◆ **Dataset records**
***
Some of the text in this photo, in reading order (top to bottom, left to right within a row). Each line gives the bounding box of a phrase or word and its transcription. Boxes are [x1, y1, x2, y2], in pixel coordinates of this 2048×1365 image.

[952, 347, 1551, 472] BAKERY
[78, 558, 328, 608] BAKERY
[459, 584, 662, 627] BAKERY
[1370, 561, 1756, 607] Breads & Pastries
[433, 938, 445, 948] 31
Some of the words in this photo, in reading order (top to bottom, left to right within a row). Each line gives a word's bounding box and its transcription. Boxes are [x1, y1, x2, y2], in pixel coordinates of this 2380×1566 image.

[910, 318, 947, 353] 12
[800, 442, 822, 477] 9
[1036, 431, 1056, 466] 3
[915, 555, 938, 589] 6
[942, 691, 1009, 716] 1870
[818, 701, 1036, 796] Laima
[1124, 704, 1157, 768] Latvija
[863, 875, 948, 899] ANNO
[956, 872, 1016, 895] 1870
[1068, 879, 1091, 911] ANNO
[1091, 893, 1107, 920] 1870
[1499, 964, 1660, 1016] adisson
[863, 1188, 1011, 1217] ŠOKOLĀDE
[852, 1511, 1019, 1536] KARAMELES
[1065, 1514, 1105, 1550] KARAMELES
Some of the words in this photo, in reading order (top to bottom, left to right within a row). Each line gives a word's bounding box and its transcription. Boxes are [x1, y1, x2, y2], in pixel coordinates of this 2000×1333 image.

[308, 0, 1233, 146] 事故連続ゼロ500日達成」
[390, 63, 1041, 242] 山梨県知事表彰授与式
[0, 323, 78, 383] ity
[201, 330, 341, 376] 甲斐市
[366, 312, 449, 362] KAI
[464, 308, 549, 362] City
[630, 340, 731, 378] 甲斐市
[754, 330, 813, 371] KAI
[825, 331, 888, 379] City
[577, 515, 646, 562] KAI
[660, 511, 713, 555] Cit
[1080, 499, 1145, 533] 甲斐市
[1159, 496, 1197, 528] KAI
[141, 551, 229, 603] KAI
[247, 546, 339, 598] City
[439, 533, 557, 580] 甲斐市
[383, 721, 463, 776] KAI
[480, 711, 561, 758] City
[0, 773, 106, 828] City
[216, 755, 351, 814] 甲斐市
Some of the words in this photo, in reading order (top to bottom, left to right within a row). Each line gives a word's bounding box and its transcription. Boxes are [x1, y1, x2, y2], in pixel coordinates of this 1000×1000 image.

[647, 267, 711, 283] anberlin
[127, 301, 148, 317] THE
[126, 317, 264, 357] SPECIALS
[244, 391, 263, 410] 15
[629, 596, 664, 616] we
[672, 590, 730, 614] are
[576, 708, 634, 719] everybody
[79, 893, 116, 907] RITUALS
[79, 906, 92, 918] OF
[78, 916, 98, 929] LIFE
***
Reproduce the lines from the one with "this 1000×1000 image." to the end of the data exactly, leaving out every earlier line.

◆ **Written answer**
Some of the words in this photo, in reading order (top to bottom, left to right within a row). Each line gives a word's bounding box and its transcription. Boxes are [x1, y1, x2, y2], in pixel coordinates of this 1000×1000 image.

[647, 267, 711, 283] anberlin
[127, 301, 148, 317] THE
[126, 317, 264, 357] SPECIALS
[244, 391, 263, 410] 15
[629, 596, 664, 616] we
[672, 590, 730, 614] are
[576, 708, 634, 719] everybody
[79, 893, 116, 907] RITUALS
[79, 906, 92, 918] OF
[78, 916, 98, 929] LIFE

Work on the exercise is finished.